Division of Medical Genetics, Department of Pediatrics, Hasbro Children's Hospital, Providence, RI, USA.
Alpert School of Medicine at Brown University, Providence, RI, USA.
MEPAN Foundation, Corte Madera, CA, USA.
Division of Genetics and Genomics, Boston Children's Hospital, Boston, MA, USA.
Harvard Medical School, Boston, MA, USA.
Division of Medical Genetics, Department of Medicine, University of Washington School of Medicine, Seattle, WA, USA.

Purpose

To develop an evidence-based clinical practice guideline for the use of exome and genome sequencing (ES/GS) in the care of pediatric patients with one or more congenital anomalies (CA) with onset prior to age 1 year or developmental delay (DD) or intellectual disability (ID) with onset prior to age 18 years.

Methods

The Pediatric Exome/Genome Sequencing Evidence-Based Guideline Work Group (n = 10) used the Grading of Recommendations Assessment, Development and Evaluation (GRADE) evidence to decision (EtD) framework based on the recent American College of Medical Genetics and Genomics (ACMG) systematic review, and an Ontario Health Technology Assessment to develop and present evidence summaries and health-care recommendations.
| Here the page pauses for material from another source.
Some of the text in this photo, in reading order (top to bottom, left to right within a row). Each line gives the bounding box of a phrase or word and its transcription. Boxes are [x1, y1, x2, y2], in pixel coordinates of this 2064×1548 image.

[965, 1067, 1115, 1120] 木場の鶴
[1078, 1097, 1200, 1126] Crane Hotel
The document underwent extensive internal and external peer review, and public comment, before approval by the ACMG Board of Directors.

Results

The literature supports the clinical utility and desirable effects of ES/GS on active and long-term clinical management of patients with CA/DD/ID, and on family-focused and reproductive outcomes with relatively few harms. Compared with standard genetic testing, ES/GS has a higher diagnostic yield and may be more cost-effective when ordered early in the diagnostic evaluation.

Conclusion

We strongly recommend that ES/GS be considered as a first- or second-tier test for patients with CA/DD/ID.

中文翻译：

先天性异常或智力障碍儿科患者的外显子组和基因组测序：美国医学遗传学和基因组学学院 (ACMG) 的循证临床指南

目的

制定基于证据的临床实践指南，以使用外显子组和基因组测序 (ES/GS) 治疗患有一种或多种先天性异常 (CA) 且在 1 岁之前发病或发育迟缓 (DD) 的儿科患者或在 18 岁之前发病的智力障碍 (ID)。

方法

儿科外显子组/基因组测序循证指南工作组 ( n = 10) 使用基于最近美国医学遗传学和基因组学学院 (ACMG) 的建议分级评估、开发和评估 (GRADE) 证据决策 (EtD) 框架) 系统审查和安大略省卫生技术评估，以制定和提出证据摘要和医疗保健建议。在获得 ACMG 董事会批准之前，该文件经过了广泛的内部和外部同行评审以及公众意见。